Both are true. A different mode of perception produces another way of thinking, and another way of thinking leads to a different mode of perception. In the end perception and thought – or the interpretation of reality – always form one unified whole. After all, the word "theory" really means "observation", so perception is already included in the idea of thought. When we change the way we think, we also change how we perceive things. When the eyes open, the understanding opens.

To what extent do religious questions have a role to play in your films? The metaphysical issues that your films raise are those that every religion poses as well. Is that connected with a "silence behind objects" that interests you as a filmmaker?

The silence behind objects interests me a lot. Well, when I say interested – it inspires me. The empty space around objects as well, incidentally. But they aren't really religious issues; fundamentally, they are spiritual ones. Religions provide answers, while I tell stories and raise questions with them. In that sense religion isn't the starting point of my work.
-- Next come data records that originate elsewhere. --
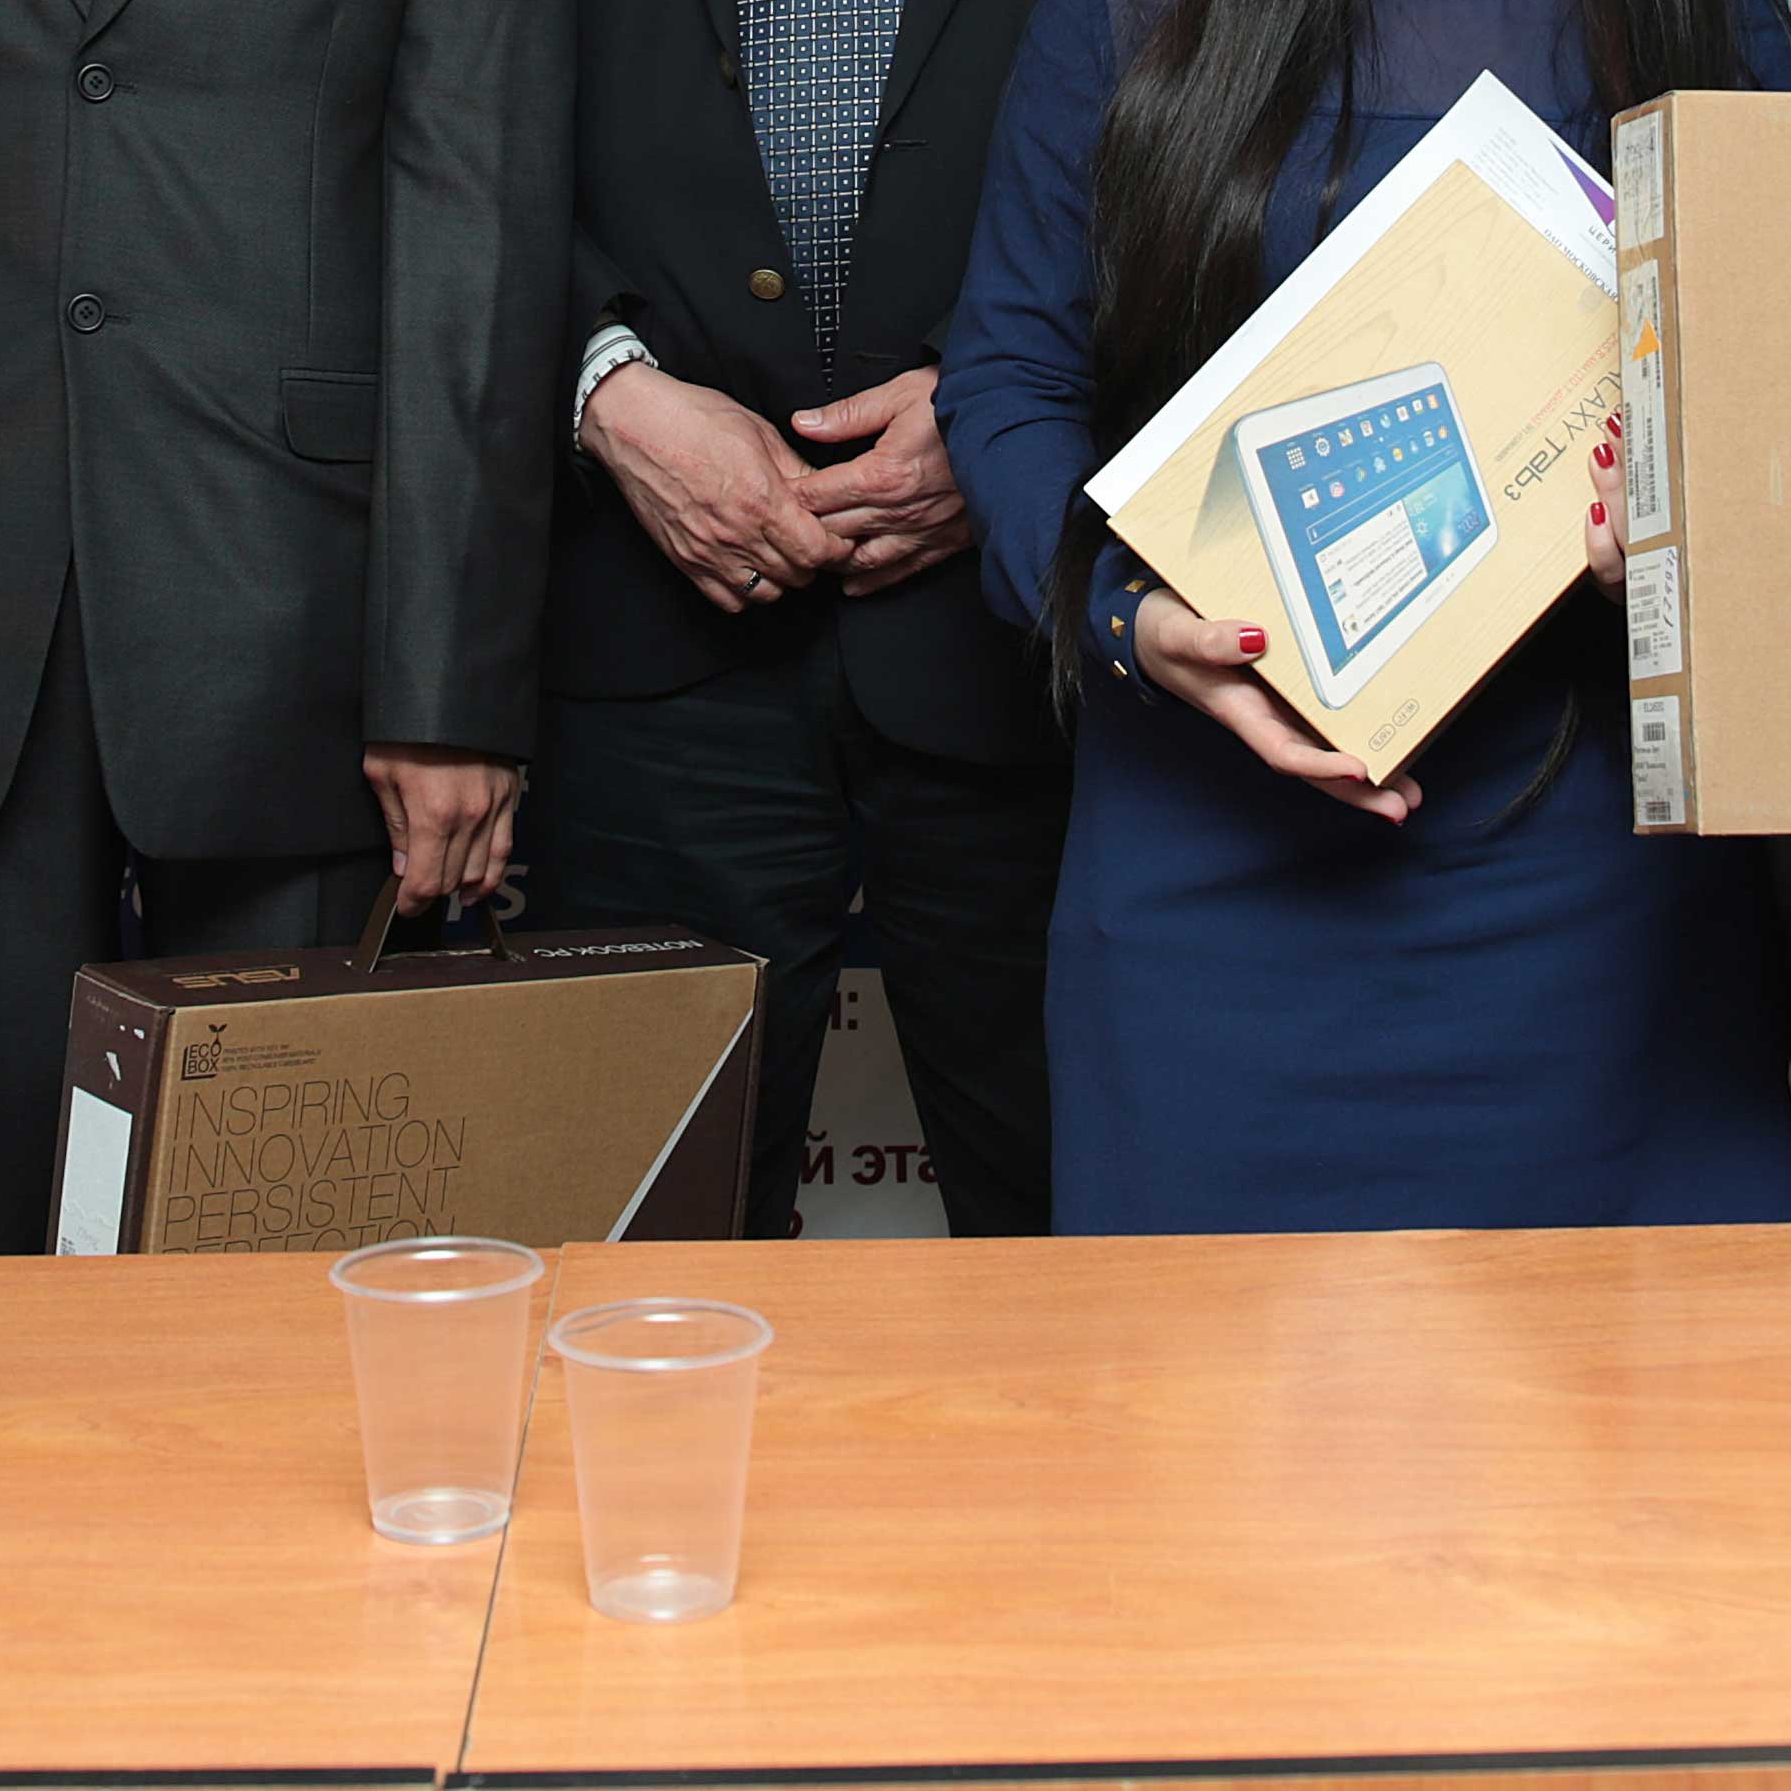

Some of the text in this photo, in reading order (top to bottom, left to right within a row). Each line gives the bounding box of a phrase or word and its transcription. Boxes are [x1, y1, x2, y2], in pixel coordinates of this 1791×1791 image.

[1514, 437, 1567, 486] Tab
[532, 939, 705, 959] NOTEBOOK PC
[171, 966, 301, 989] ASUS
[186, 1059, 220, 1074] BOX
[188, 1039, 223, 1060] ECO
[173, 1071, 410, 1141] INSPIRING
[168, 1115, 467, 1193] INNOVATION
[162, 1165, 461, 1245] PERSISTENT
Although I do hope that answers will be released for the audience, by means of the film, by means of our work. If they turn out to be religious answers, I don't have any objection to that.
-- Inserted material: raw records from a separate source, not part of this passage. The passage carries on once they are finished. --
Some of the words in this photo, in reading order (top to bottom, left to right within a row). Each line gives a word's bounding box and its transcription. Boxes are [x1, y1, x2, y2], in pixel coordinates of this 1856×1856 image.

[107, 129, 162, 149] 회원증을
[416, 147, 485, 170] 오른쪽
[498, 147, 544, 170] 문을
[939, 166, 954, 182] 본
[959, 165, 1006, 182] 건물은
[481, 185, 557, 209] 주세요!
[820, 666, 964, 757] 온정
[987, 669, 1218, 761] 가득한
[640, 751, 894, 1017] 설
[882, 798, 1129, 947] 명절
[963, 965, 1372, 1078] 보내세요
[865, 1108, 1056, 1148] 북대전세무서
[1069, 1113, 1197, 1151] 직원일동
Your films are often described as realistic. The French film journalist André Bazin, the "father" of Nouvelle Vague, once said realism isn't a matter of the subject, but the style. "We are moved not by the actor or the events, but by the sense that we are obliged to derive from them."

A wonderful sentence, quite right. I'd add to that: it's not an obligation that makes us derive sense from what happens; there is a strength and quality in it that makes us do so. And the sense that we derive expands us. I want to tell stories in a way that has a decidedly personal approach but at the same time leaves the audience the freedom to deal with the energy that comes across in the way they want. Which is also why my films are perceived and interpreted in very different ways, which pleases me, incidentally. I'm bored by every form of art that forces a particular interpretation. That's banal, even if it has a high intellectual level. Art that has within it a forced, particular interpretation doesn't make me more alive: it restricts me. I'm looking for greater vitality. It's the utopia of art to make people more alive, by reconciliation, by realisation, by passion, by whatever means necessary.

Talking about greater vitality reminds me of John Cassavetes ...

One of my guardian spirits.

... who once said: "Making a film means pouring all the feelings and thoughts of a whole lifetime into a capsule, and hoping that the audience will forget everything for those two hours, and the celluloid will change their lives." Is OCTOBER NOVEMBER also a time capsule like that?

That's a fine, passionate sentence. One of the great things about Cassavetes is the passion that he put into making films. It's a good image: the film transporting energy, the spiritual, emotional and artistic energy that you put into it as the filmmaker, an energy that can then be released again by the audience. I'm a bit more modest than Cassavetes; I hope the film can enrich the audience's lives. Change – that's not really necessary. Although every enrichment is a change in itself. So yes. He's right.